RJ Mical is well known among Atari historians as big a huge source of missinformation, who came on later in the design life and had personal gripes with the Tramiels because of the whole Handy/Lynx issue. There have been plenty of interviews and records on the Atari Inc. side (please don't confuse the contract with Atari Inc. to have been with Atari Corp./Tramiel - another of RJ's missinformation), and the suits and purchases are a matter of public record and were reported in newspapers, business periodicals, etc. of the time. --Marty Goldberg 19:49, 5 August 2006 (UTC)
- Let me see, bottom falling out of the home gaming market, the cash cow. Atari Games (arcades) still with Warner. No cash flow. Tons of debt. So how is Tramiel supposed to not fire people? Wall Street loaned Tramiel lots of money, and they wanted results. You're not making any sense at all. --Pelladon 05:25, 25 October 2005 (UTC)
comparisons with megadrive
The sentence in brackets wondering why the ST didn't recieve many megadrive ports seeing as the systems were so similar, specifically mentioning them having the same Yamaha soundchip is erroneous and misleading.
Whilst The systems share the same 68000 CPU, thats about where the similarities end. The megadrive had relatively advanced 2d sprite, playfield and scrolling hardware, as well as a far higher on screen colour palatte (64 colours, although as this was made up from 4 16 colour palattes, each having to share one transparant colour, the practical total was 61 colours)
Regarding the soundchip, whilst both system have chips of yamaha design, they are totally different models with vastly different specifications.
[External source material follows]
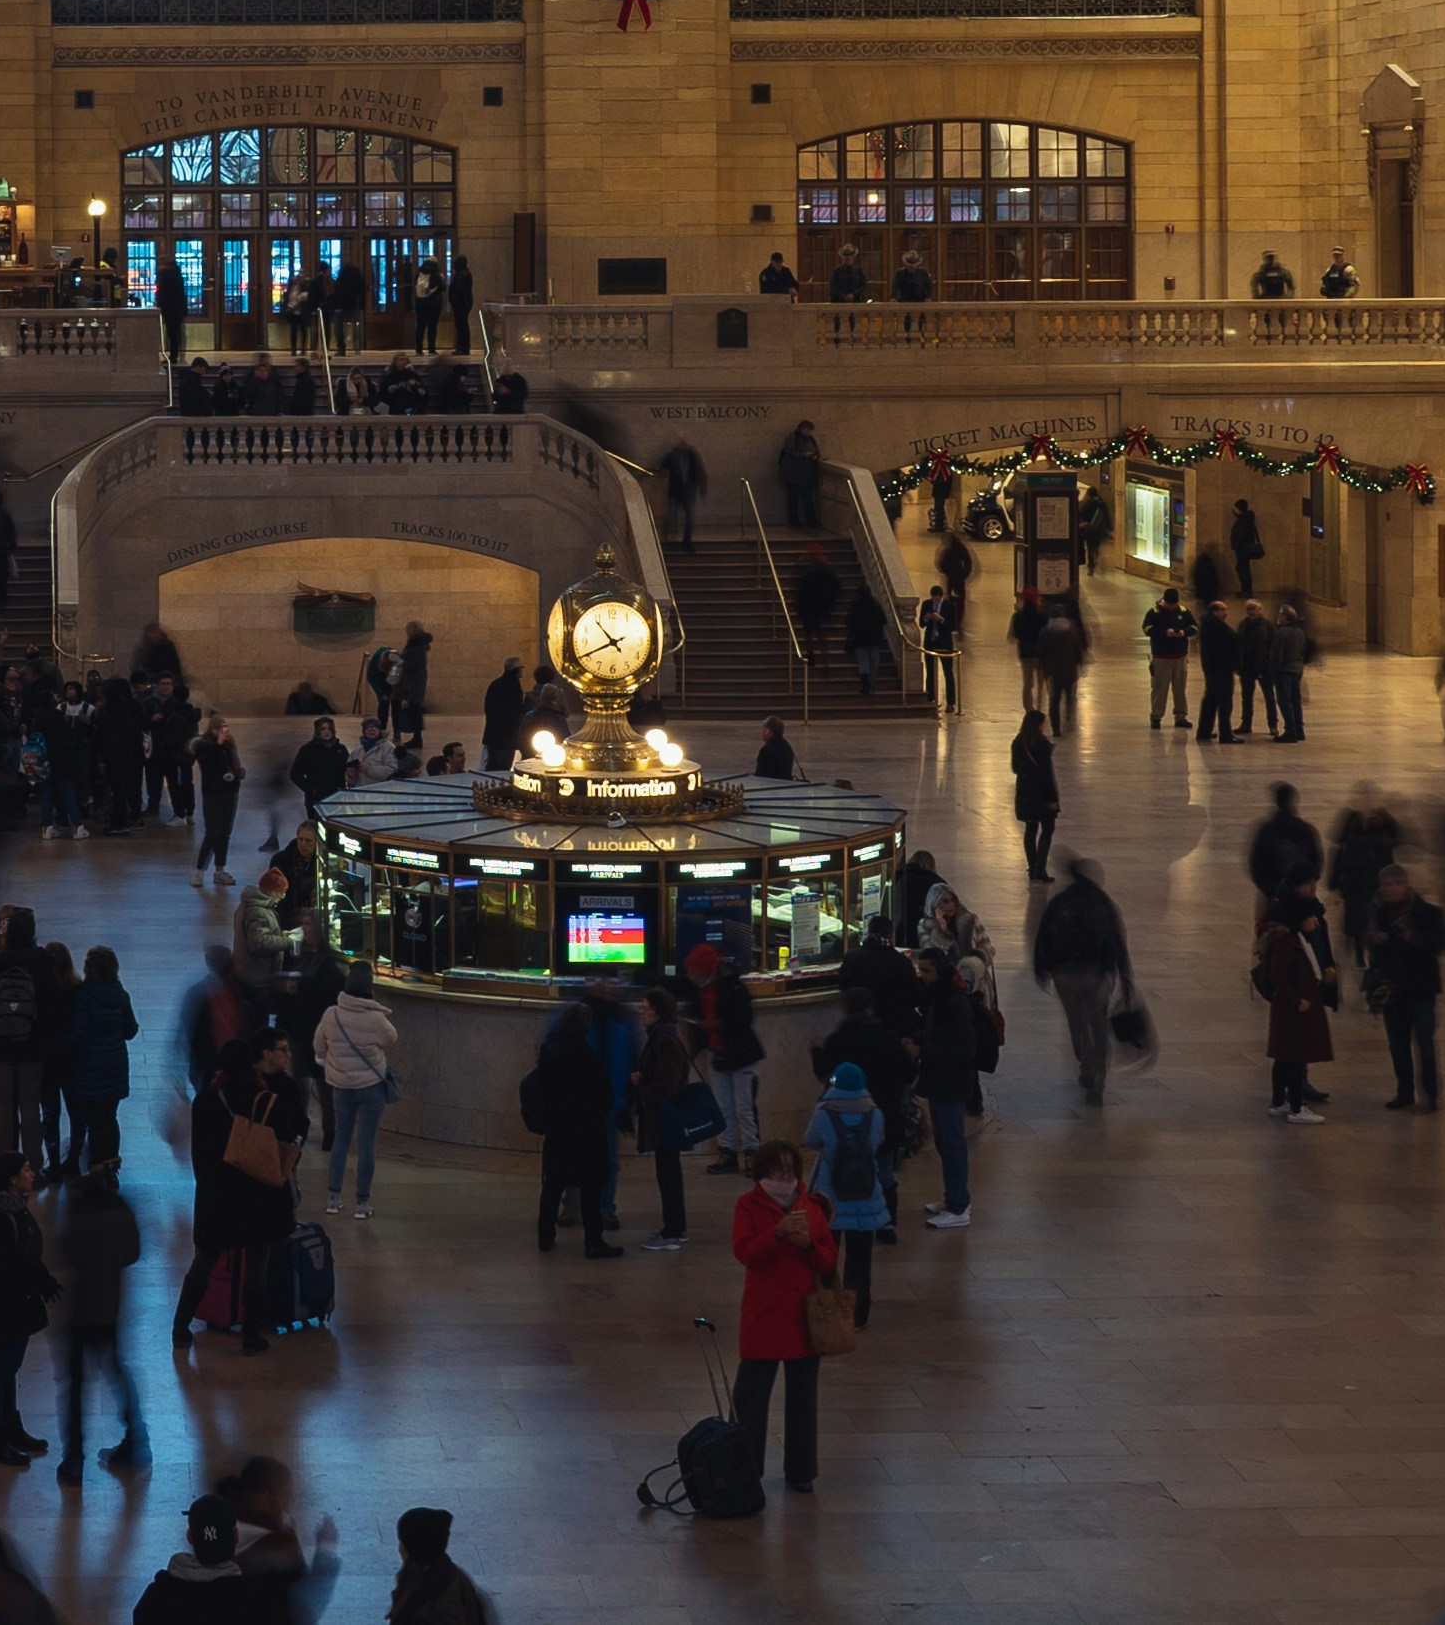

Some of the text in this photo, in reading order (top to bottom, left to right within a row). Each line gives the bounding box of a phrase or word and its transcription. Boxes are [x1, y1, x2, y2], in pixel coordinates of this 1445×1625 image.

The Megadrive soundchip is a 6 channel FM synth of the sort commonly used in arcade machines and synthesisers in the 80s, where as the ST has a 3 channel PSG, of vastly inferior specifications (infact it's the same soundchip used in the 128k spectrums, and the amstrad CPC series)
The ST would be no more capable of running 'megadrive ports' with little coding effort than it would a port from any late 80's arcade hardware. Everything the megadrive does in hardware, the ST developer would have to kludge in software, and still require cpu time left to run the 68000 code of the megadrive original.
When you go beyond the fact the cpu is the same, and the soundchip was designed by the same company, there is little wonder that the ST was incapable of running megadrive or even amiga games towards the end of it's life, it simply was an inferior design when it came to running games. The amiga ended up being a more robust gaming platform and survived a few years more, although it too struggled to quite match the megadrive perfomance in certain types of 2d game, where the megadrive had the advantage of arcade style sprite/playfield handling.
As such i've removed that comment, as it directly contradicts the previous statement, and incorrectly suggests the megadrive and ST were relatively comparible in 2d game performance, so as to make a megadrive port a trivial thing.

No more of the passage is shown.